Required work:
An exact copy of every record below is needed, with the pictures left out.

═══ Data to use

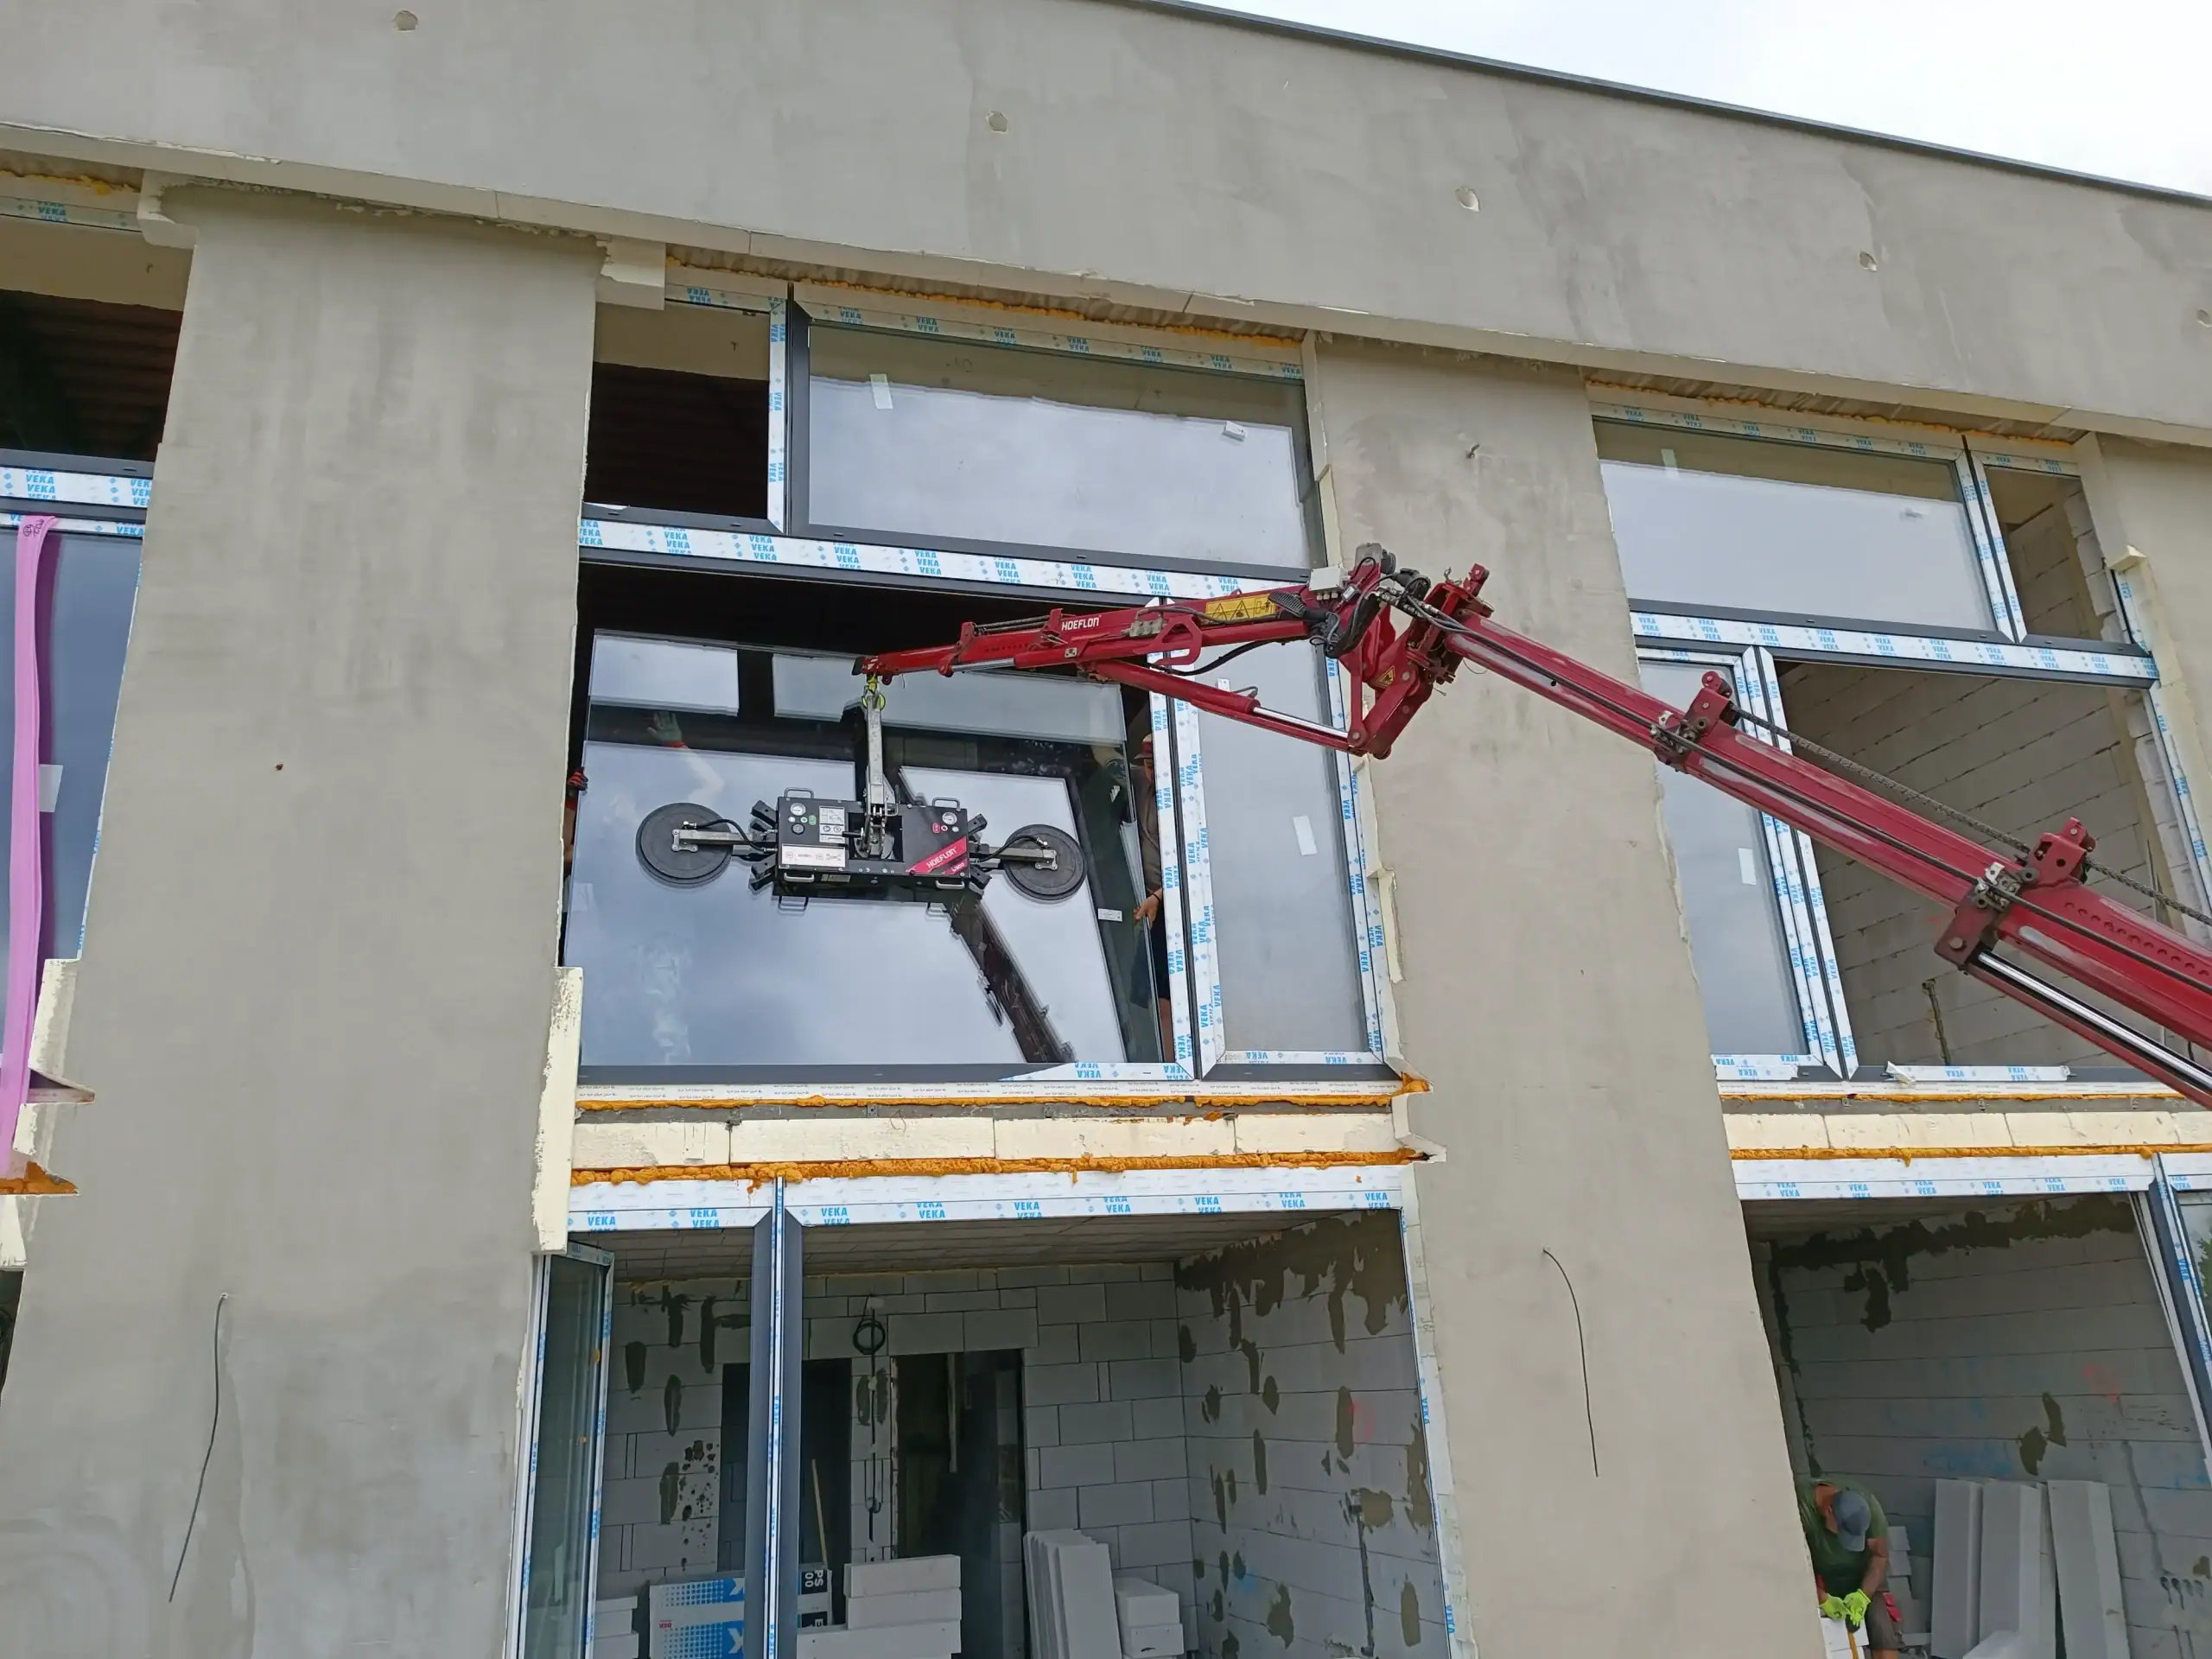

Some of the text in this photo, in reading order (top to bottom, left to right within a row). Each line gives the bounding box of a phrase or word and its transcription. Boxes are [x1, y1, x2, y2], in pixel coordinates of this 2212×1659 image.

[38, 207, 67, 216] VEKA
[840, 310, 861, 319] VEKA
[916, 316, 938, 325] VEKA
[995, 330, 1015, 339] VEKA
[768, 463, 777, 482] VEKA
[26, 474, 54, 484] VEKA
[28, 484, 55, 493] VEKA
[580, 520, 600, 529] EKA
[664, 531, 688, 540] VEKA
[749, 535, 772, 543] VEKA
[579, 537, 603, 546] VEKA
[666, 540, 690, 549] VEKA
[751, 543, 775, 552] VEKA
[834, 546, 857, 556] VEKA
[753, 552, 777, 561] VEKA
[914, 550, 938, 558] VEKA
[836, 555, 860, 563] VEKA
[917, 558, 939, 567] VEKA
[995, 561, 1017, 569] VEKA
[1071, 563, 1092, 572] VEKA
[919, 567, 942, 575] VEKA
[997, 569, 1020, 578] VEKA
[1073, 572, 1094, 581] VEKA
[1147, 574, 1167, 582] VEKA
[1217, 576, 1239, 585] VEKA
[1076, 580, 1097, 588] VEKA
[1149, 582, 1170, 591] VEKA
[1062, 617, 1100, 632] HOEFLON
[1154, 709, 1162, 731] VEKA
[926, 848, 957, 868] HOEFLON
[1164, 867, 1173, 889] VEKA
[1360, 950, 1369, 973] VEKA
[1790, 947, 1801, 968] VEKA
[1808, 957, 1819, 976] VEKA
[1213, 984, 1222, 1007] VEKA
[1199, 1004, 1208, 1027] VEKA
[1177, 1035, 1186, 1060] VEKA
[1076, 1069, 1102, 1078] VEKA
[1195, 1197, 1220, 1205] VEKA
[1364, 1192, 1388, 1201] VEKA
[1014, 1201, 1040, 1211] VEKA
[1281, 1199, 1306, 1208] VEKA
[690, 1208, 717, 1217] VEKA
[821, 1207, 848, 1217] VEKA
[1106, 1204, 1131, 1213] VEKA
[918, 1210, 946, 1219] VEKA
[588, 1217, 616, 1226] VEKA
[692, 1219, 720, 1229] VEKA

══════

Written answer:
Some of the text in this photo, in reading order (top to bottom, left to right within a row). Each line gives the bounding box of a phrase or word and its transcription. Boxes are [x1, y1, x2, y2], in pixel coordinates of this 2212×1659 image.

[38, 207, 67, 216] VEKA
[840, 310, 861, 319] VEKA
[916, 316, 938, 325] VEKA
[995, 330, 1015, 339] VEKA
[768, 463, 777, 482] VEKA
[26, 474, 54, 484] VEKA
[28, 484, 55, 493] VEKA
[580, 520, 600, 529] EKA
[664, 531, 688, 540] VEKA
[749, 535, 772, 543] VEKA
[579, 537, 603, 546] VEKA
[666, 540, 690, 549] VEKA
[751, 543, 775, 552] VEKA
[834, 546, 857, 556] VEKA
[753, 552, 777, 561] VEKA
[914, 550, 938, 558] VEKA
[836, 555, 860, 563] VEKA
[917, 558, 939, 567] VEKA
[995, 561, 1017, 569] VEKA
[1071, 563, 1092, 572] VEKA
[919, 567, 942, 575] VEKA
[997, 569, 1020, 578] VEKA
[1073, 572, 1094, 581] VEKA
[1147, 574, 1167, 582] VEKA
[1217, 576, 1239, 585] VEKA
[1076, 580, 1097, 588] VEKA
[1149, 582, 1170, 591] VEKA
[1062, 617, 1100, 632] HOEFLON
[1154, 709, 1162, 731] VEKA
[926, 848, 957, 868] HOEFLON
[1164, 867, 1173, 889] VEKA
[1360, 950, 1369, 973] VEKA
[1790, 947, 1801, 968] VEKA
[1808, 957, 1819, 976] VEKA
[1213, 984, 1222, 1007] VEKA
[1199, 1004, 1208, 1027] VEKA
[1177, 1035, 1186, 1060] VEKA
[1076, 1069, 1102, 1078] VEKA
[1195, 1197, 1220, 1205] VEKA
[1364, 1192, 1388, 1201] VEKA
[1014, 1201, 1040, 1211] VEKA
[1281, 1199, 1306, 1208] VEKA
[690, 1208, 717, 1217] VEKA
[821, 1207, 848, 1217] VEKA
[1106, 1204, 1131, 1213] VEKA
[918, 1210, 946, 1219] VEKA
[588, 1217, 616, 1226] VEKA
[692, 1219, 720, 1229] VEKA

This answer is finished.